If OneDrive Still Routes to the Wrong Approver After Fixes
OneDrive access request goes to a deleted user
If the former employee’s old manager has been deleted from Azure AD, the approval request may go to an invalid email address. To fix this, restore the deleted manager account in the Azure AD admin center > Users > Deleted users. Alternatively, follow Step 3 above to configure Specific people in the SharePoint admin center to bypass the manager attribute entirely.
OneDrive access request goes to a user in a different department
This happens when the manager attribute was not updated after a department transfer. Use the Microsoft Graph PowerShell module to bulk-update manager attributes for multiple transferred users. Run Get-MgUser -Filter "Department eq 'OldDept'" | Update-MgUser -ManagerId 'NewManagerID'. This script updates all users in the old department to report to the correct manager.
OneDrive access request notification never arrives
The notification email may be blocked by spam filters or the former employee’s OneDrive site may have been deleted. Check the Exchange admin center > Mail flow > Message trace to see if the notification was sent. If the site is deleted, you cannot request access. Restore the OneDrive site within 93 days from the SharePoint admin center > Deleted sites.
Manager Attribute vs Specific People Notification: Key Differences
| Item | Manager Attribute (Default) | Specific People (Custom) |
|---|---|---|
| Configuration location | Azure AD user profile > Manager field | SharePoint admin center > Access control > Notify approvers |
| Update requirement | Must be updated manually for each transferred user | Set once at tenant level; applies to all future requests |
| Approver assignment | Dynamic based on user’s manager attribute | Static list of email addresses or security group |
| Best for | Small organizations with infrequent transfers | Large organizations with frequent department changes |
The manager attribute method requires updating each user’s profile after every transfer.
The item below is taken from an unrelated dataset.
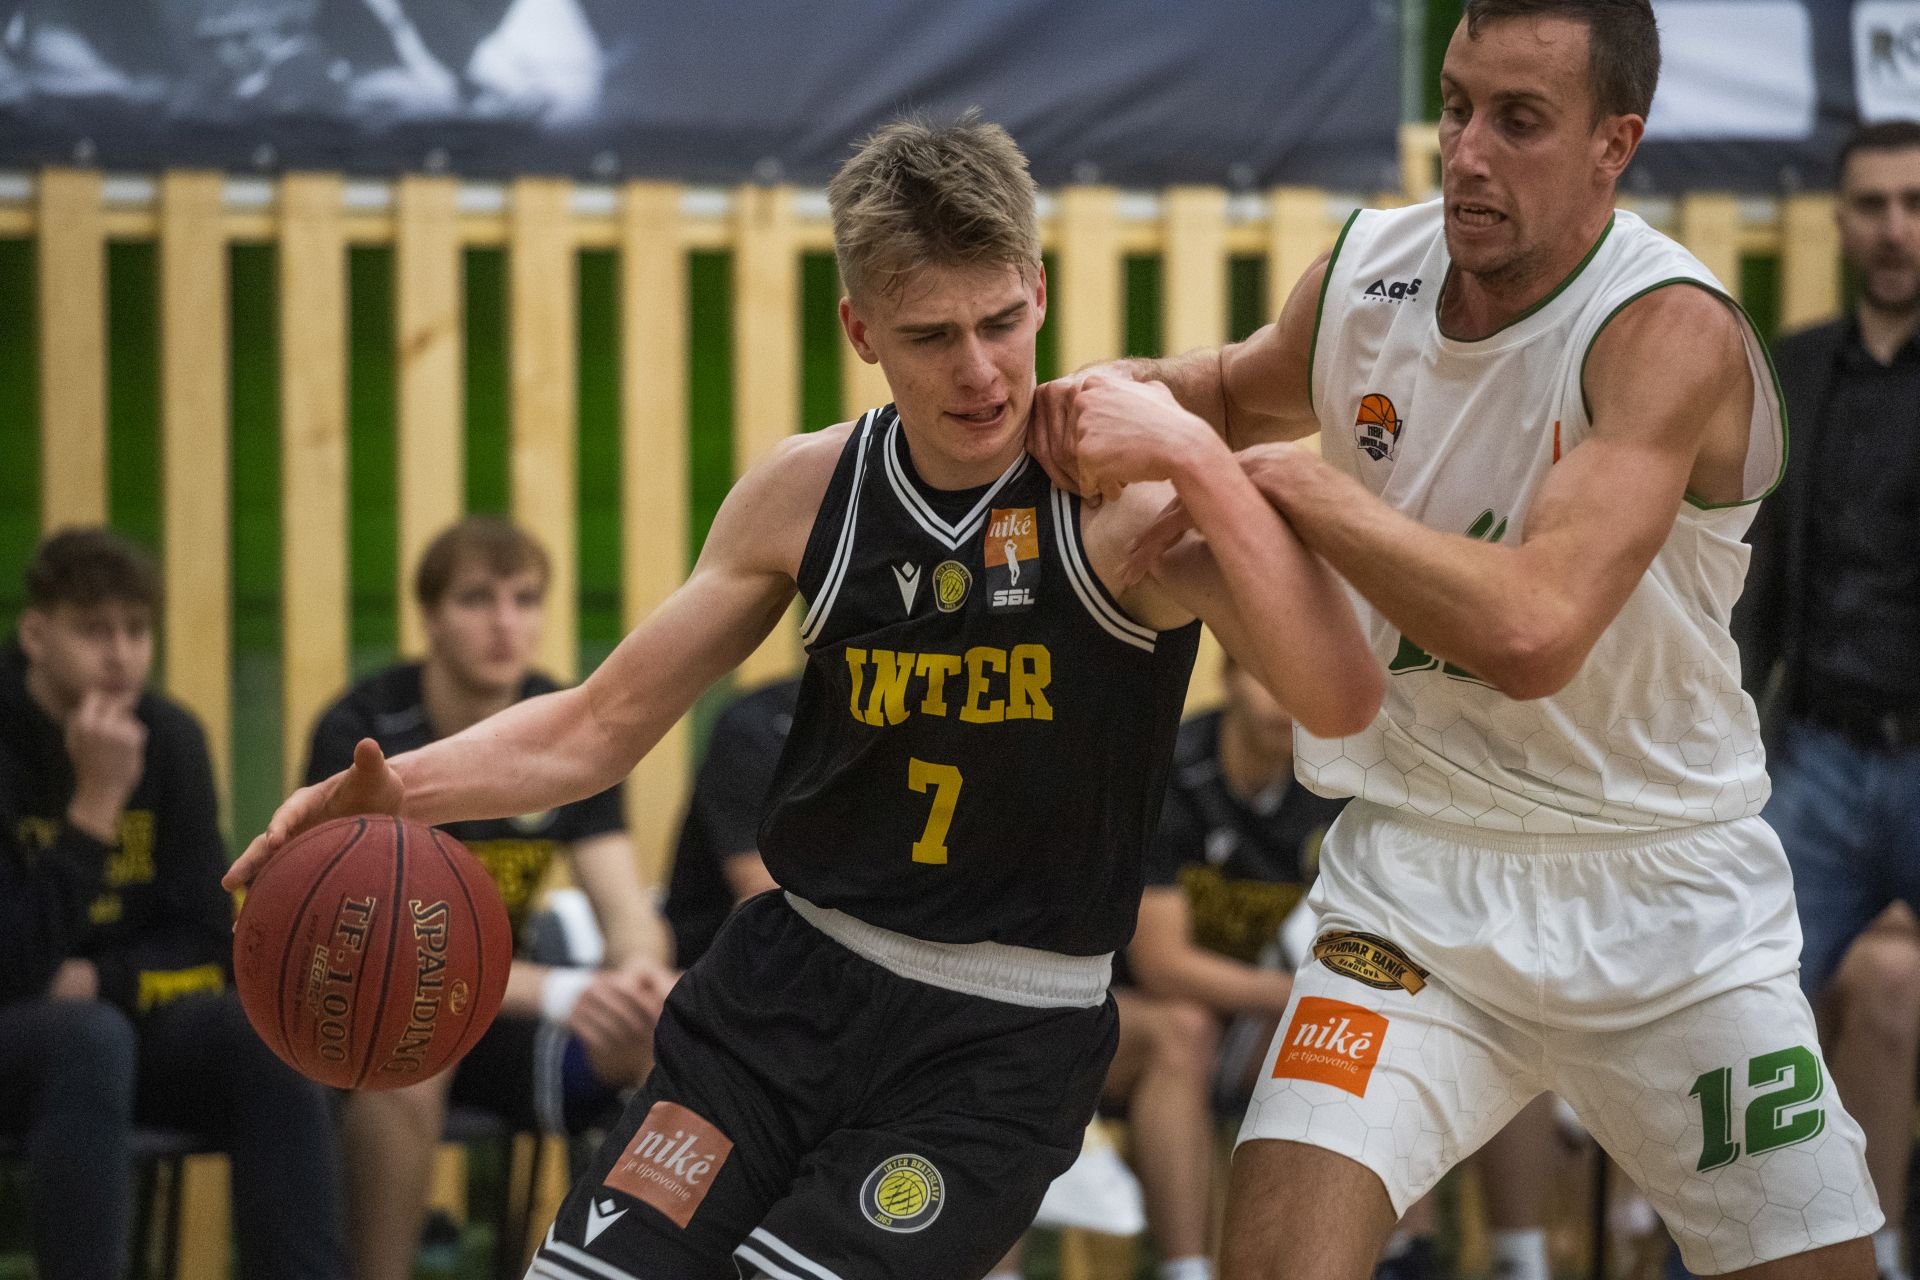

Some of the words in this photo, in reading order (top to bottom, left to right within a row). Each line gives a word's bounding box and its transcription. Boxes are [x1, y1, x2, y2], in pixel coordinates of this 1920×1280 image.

The specific people method bypasses the manager attribute entirely and sends all access requests to a designated team, such as IT support or a shared mailbox. For organizations with frequent department transfers, the specific people method reduces administrative overhead and prevents requests from going to the wrong approver.
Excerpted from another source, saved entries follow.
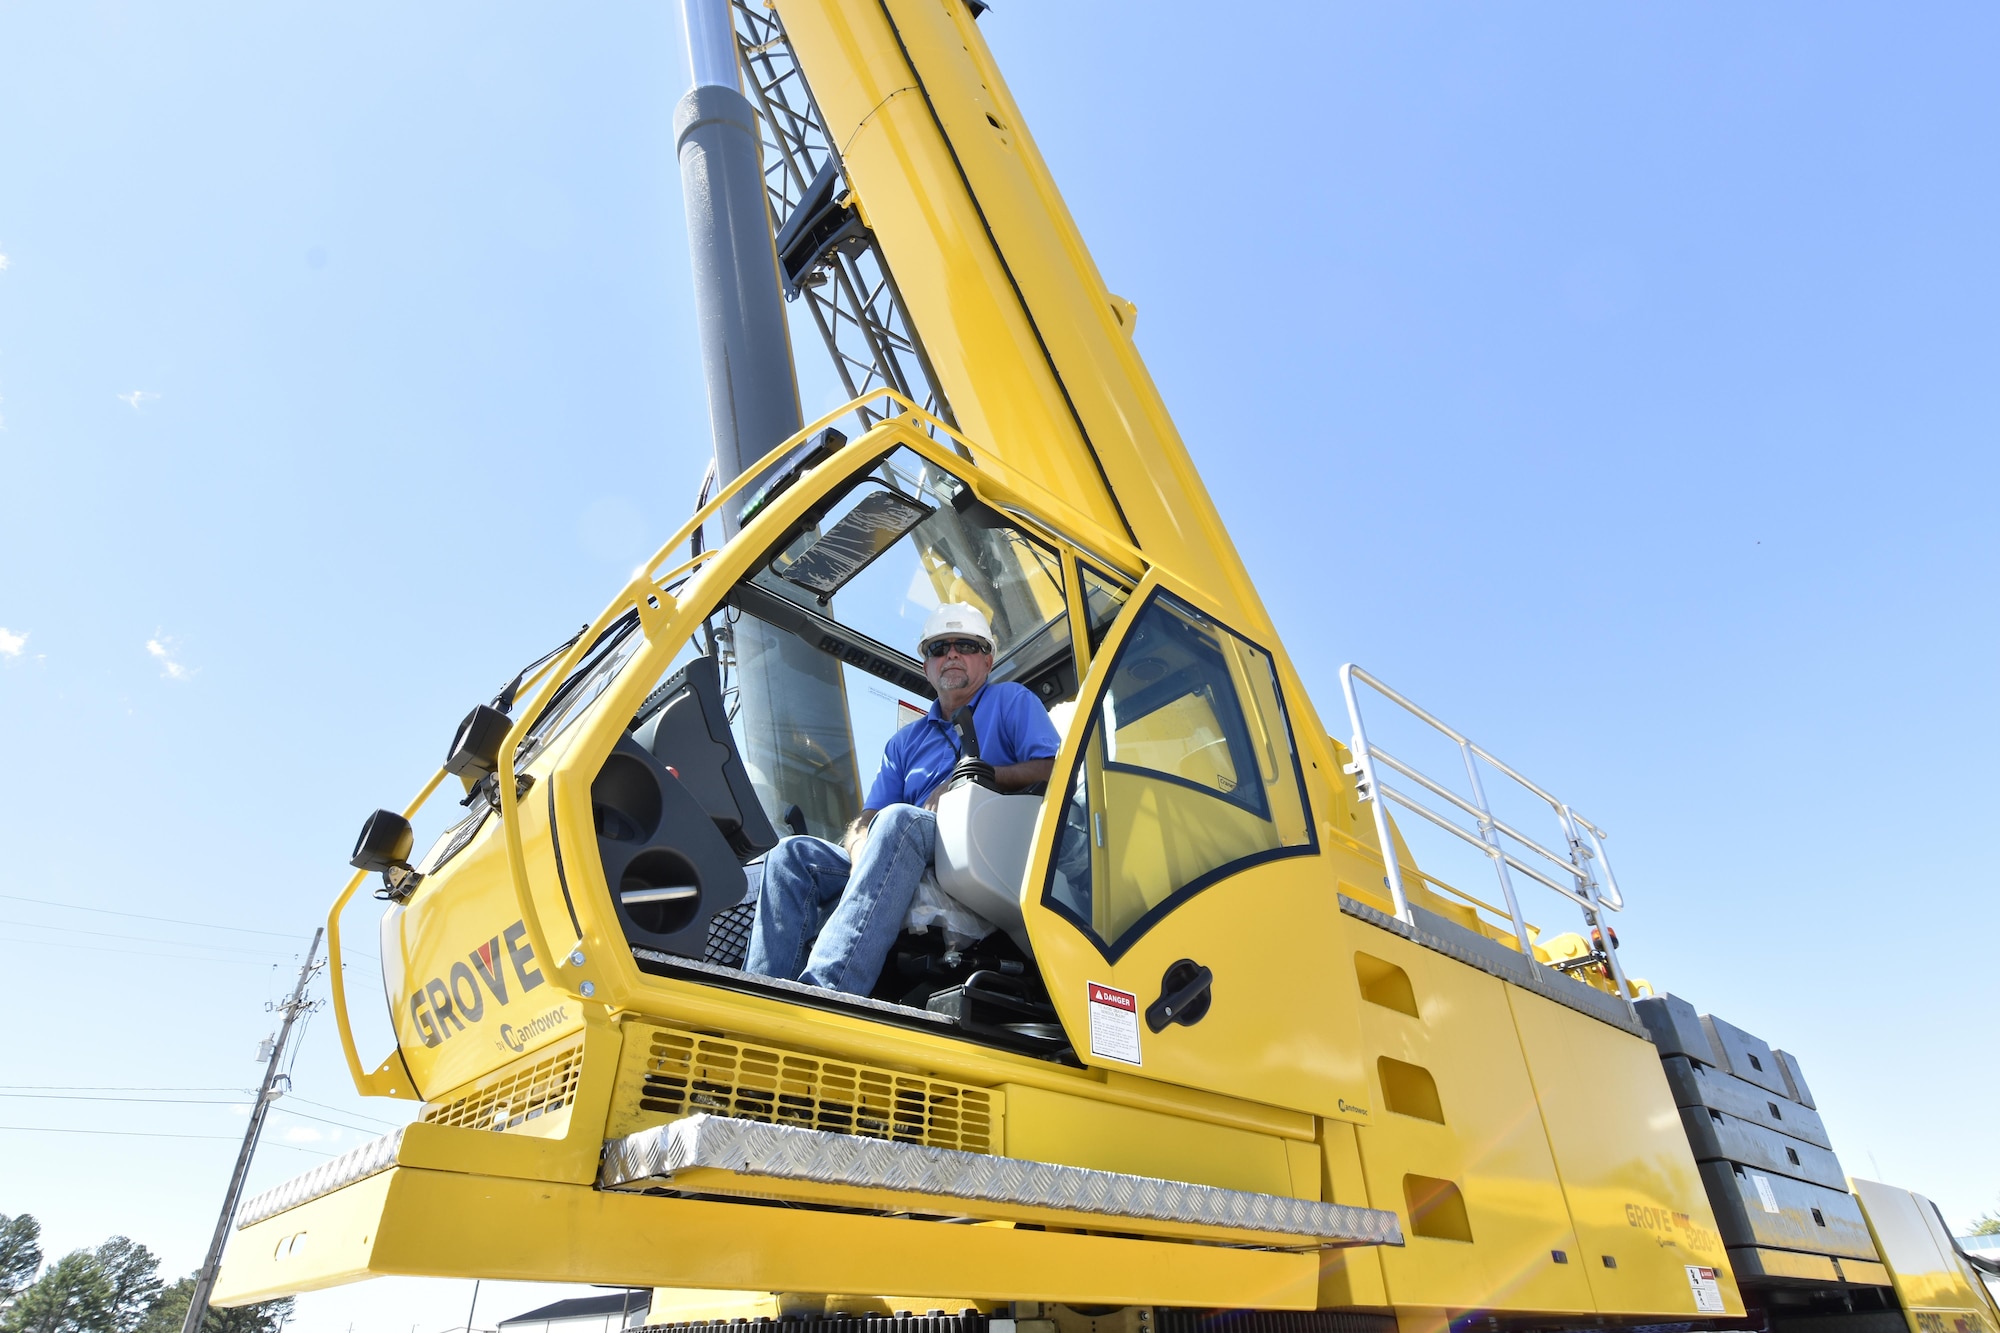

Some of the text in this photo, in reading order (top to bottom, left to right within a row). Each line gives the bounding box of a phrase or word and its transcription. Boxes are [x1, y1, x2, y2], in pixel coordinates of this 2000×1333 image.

[411, 919, 545, 1049] GROVE
[1103, 992, 1130, 1006] DANGER
[495, 1006, 569, 1053] by Manitowoc
[1625, 1203, 1672, 1232] GROVE
[1684, 1227, 1723, 1254] 5200-1
After updating the manager attribute or configuring specific approvers, you can verify the change by submitting a test access request from a secondary account to the former employee’s OneDrive. The notification should now reach the correct approver within minutes. For ongoing management, consider creating a PowerShell script that runs daily to audit manager attributes for all users who have changed departments in the HR system. This proactive approach prevents approval delays and ensures data continuity during department transfers.